__Task directions__: If a record holds a picture, leave the picture out and repeat everything else exactly.

__Dataset records__:
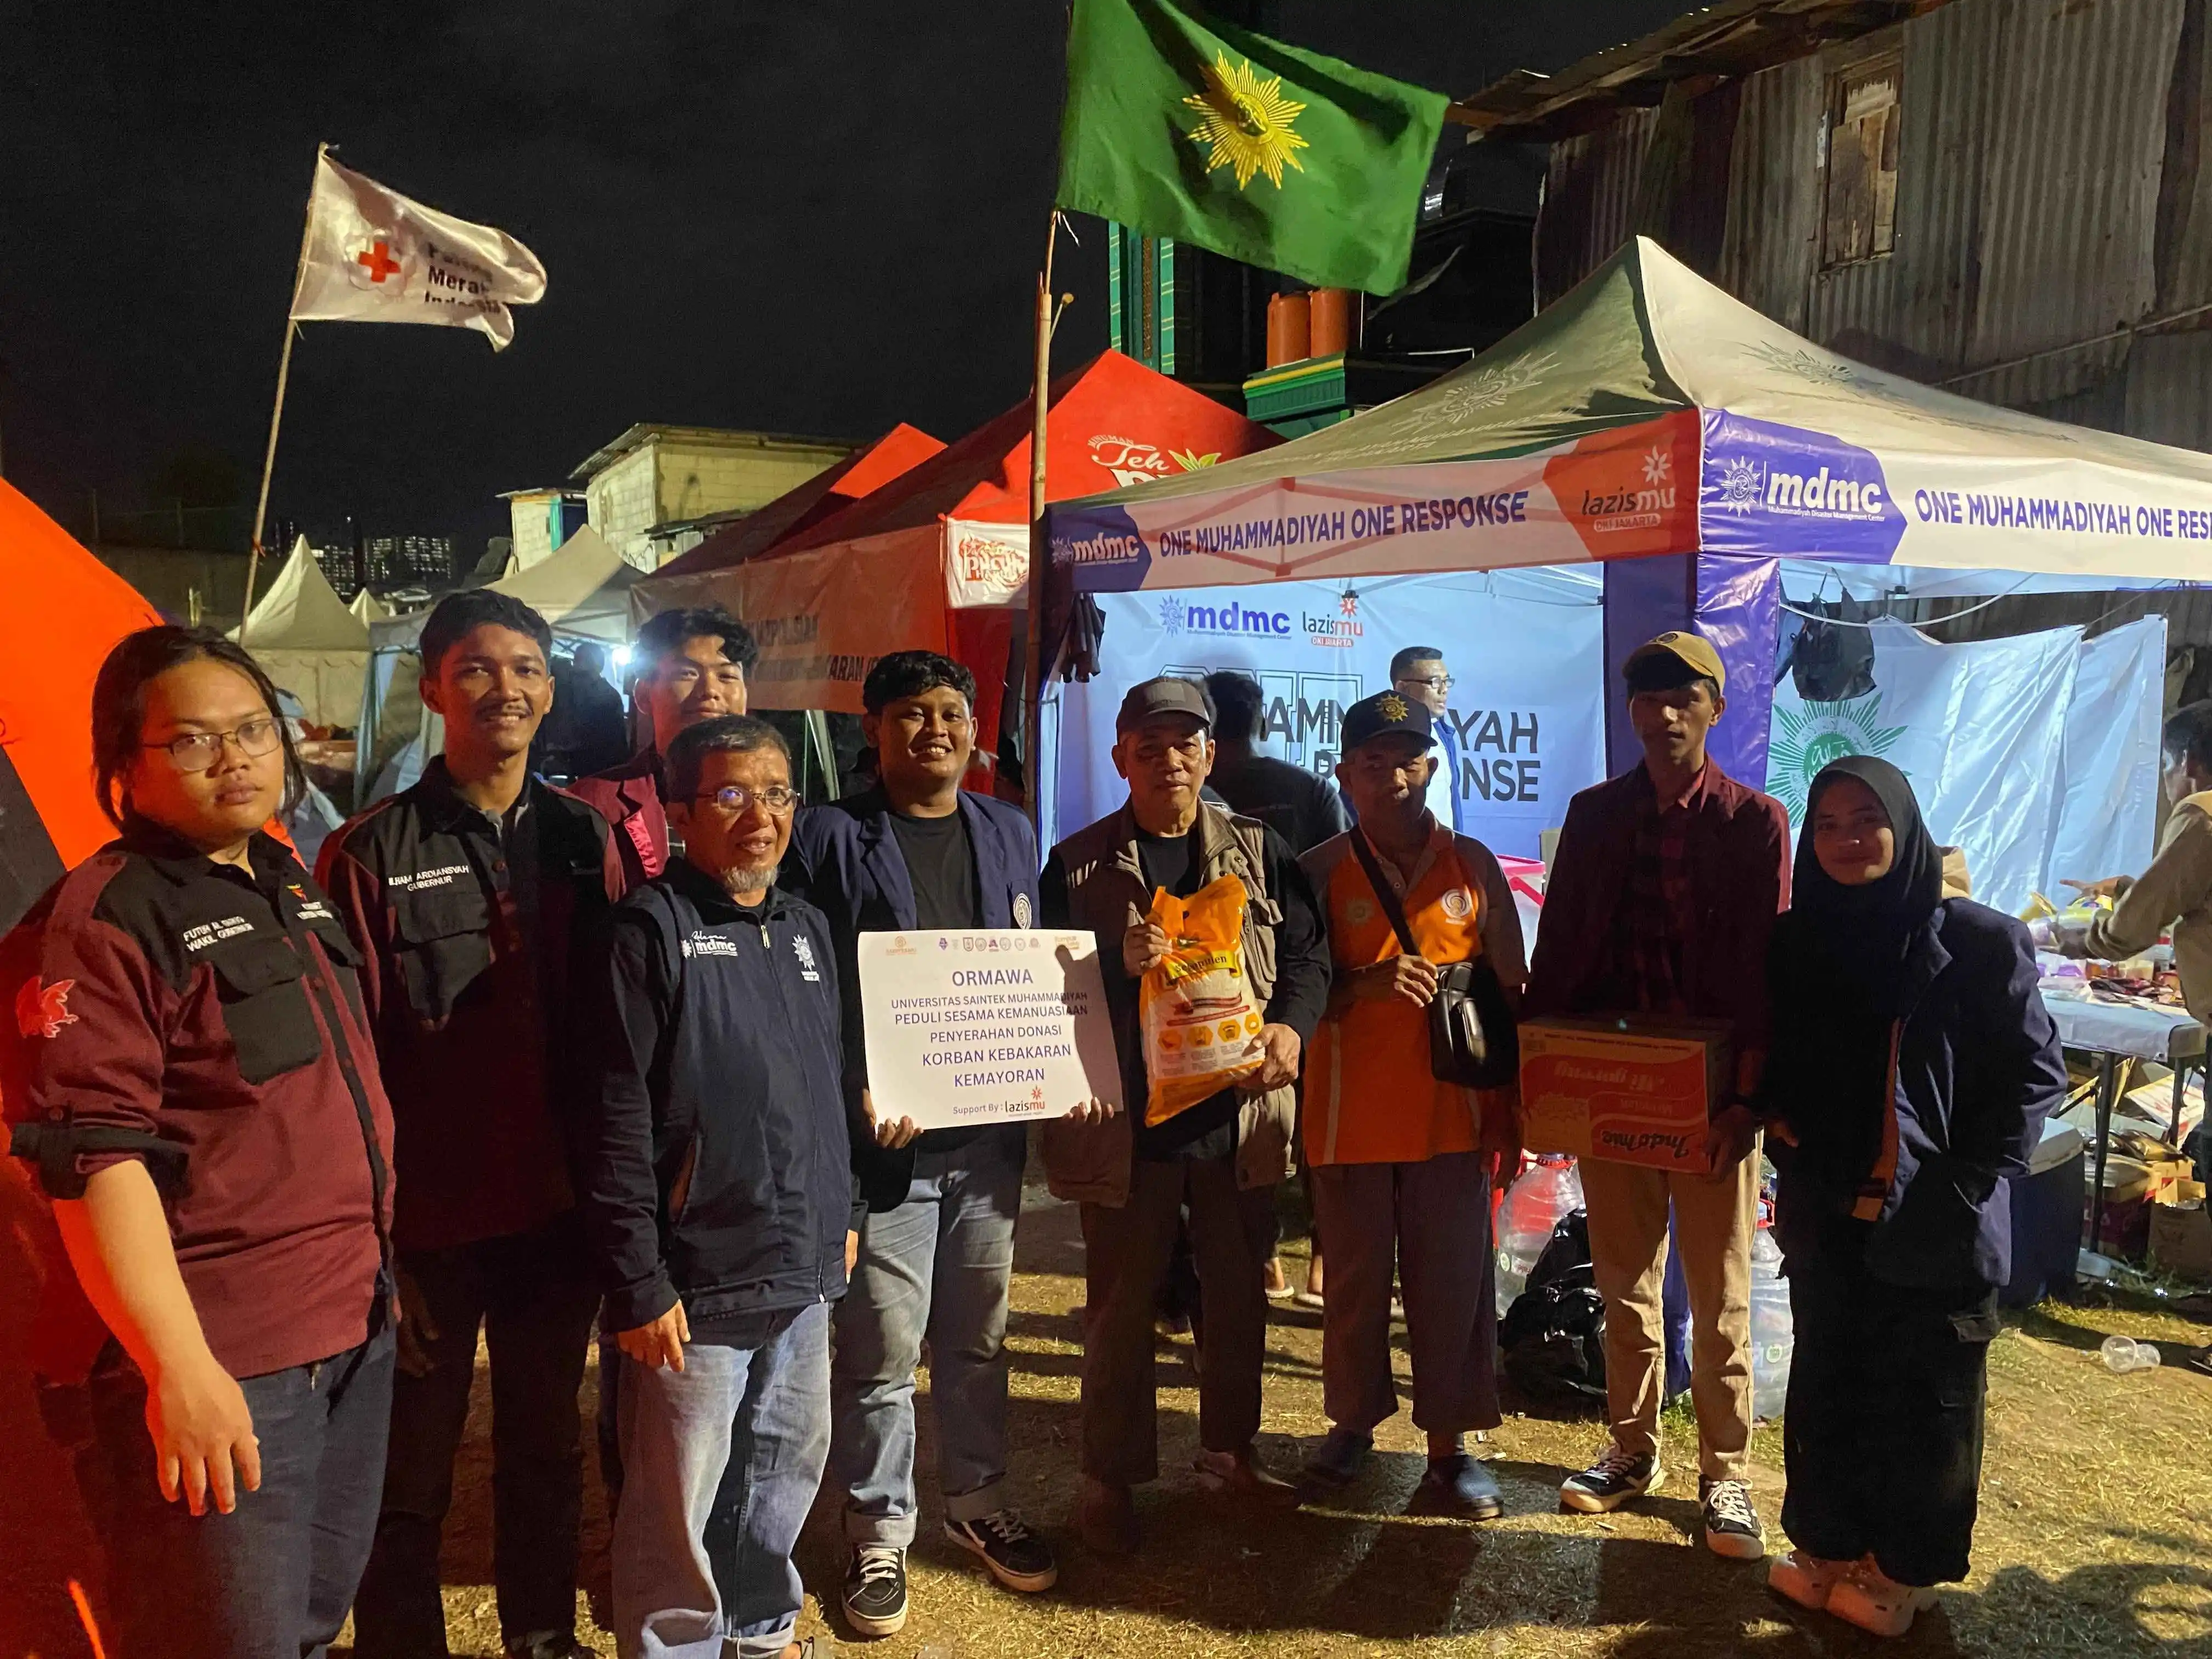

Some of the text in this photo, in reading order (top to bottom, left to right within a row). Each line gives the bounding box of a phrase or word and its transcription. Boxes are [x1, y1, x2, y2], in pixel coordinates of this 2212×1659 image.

[1091, 441, 1170, 471] Teh
[1582, 486, 1675, 516] lazismu
[1767, 467, 1882, 514] mdmc
[1160, 491, 1530, 557] ONE MUHAMMADIYAH ONE RESPONSE
[1915, 489, 1962, 524] ONE
[1966, 494, 2131, 535] MUHAMMADIYAH
[2136, 506, 2173, 537] ONE
[1072, 532, 1139, 562] mdmc
[1187, 602, 1291, 634] mdmc
[1302, 611, 1364, 637] lazismu
[407, 875, 453, 891] GUBERNUR
[695, 939, 737, 951] mdmc
[952, 969, 1034, 986] ORMAWA
[891, 992, 1088, 1009] UNIVERSITAS SAINTEK MUHAMMADIYAH
[895, 1011, 941, 1025] PEDULI
[945, 1009, 995, 1023] SESAMA
[930, 1025, 1062, 1043] PENYERAHAN DONASI
[922, 1043, 1071, 1066] KORBAN KEBAKARAN
[954, 1068, 1045, 1087] KEMAYORAN
[952, 1104, 986, 1115] Support
[1005, 1100, 1046, 1113] lazismu

__Answer section__:
Some of the text in this photo, in reading order (top to bottom, left to right within a row). Each line gives the bounding box of a phrase or word and its transcription. Boxes are [x1, y1, x2, y2], in pixel coordinates of this 2212×1659 image.

[1091, 441, 1170, 471] Teh
[1582, 486, 1675, 516] lazismu
[1767, 467, 1882, 514] mdmc
[1160, 491, 1530, 557] ONE MUHAMMADIYAH ONE RESPONSE
[1915, 489, 1962, 524] ONE
[1966, 494, 2131, 535] MUHAMMADIYAH
[2136, 506, 2173, 537] ONE
[1072, 532, 1139, 562] mdmc
[1187, 602, 1291, 634] mdmc
[1302, 611, 1364, 637] lazismu
[407, 875, 453, 891] GUBERNUR
[695, 939, 737, 951] mdmc
[952, 969, 1034, 986] ORMAWA
[891, 992, 1088, 1009] UNIVERSITAS SAINTEK MUHAMMADIYAH
[895, 1011, 941, 1025] PEDULI
[945, 1009, 995, 1023] SESAMA
[930, 1025, 1062, 1043] PENYERAHAN DONASI
[922, 1043, 1071, 1066] KORBAN KEBAKARAN
[954, 1068, 1045, 1087] KEMAYORAN
[952, 1104, 986, 1115] Support
[1005, 1100, 1046, 1113] lazismu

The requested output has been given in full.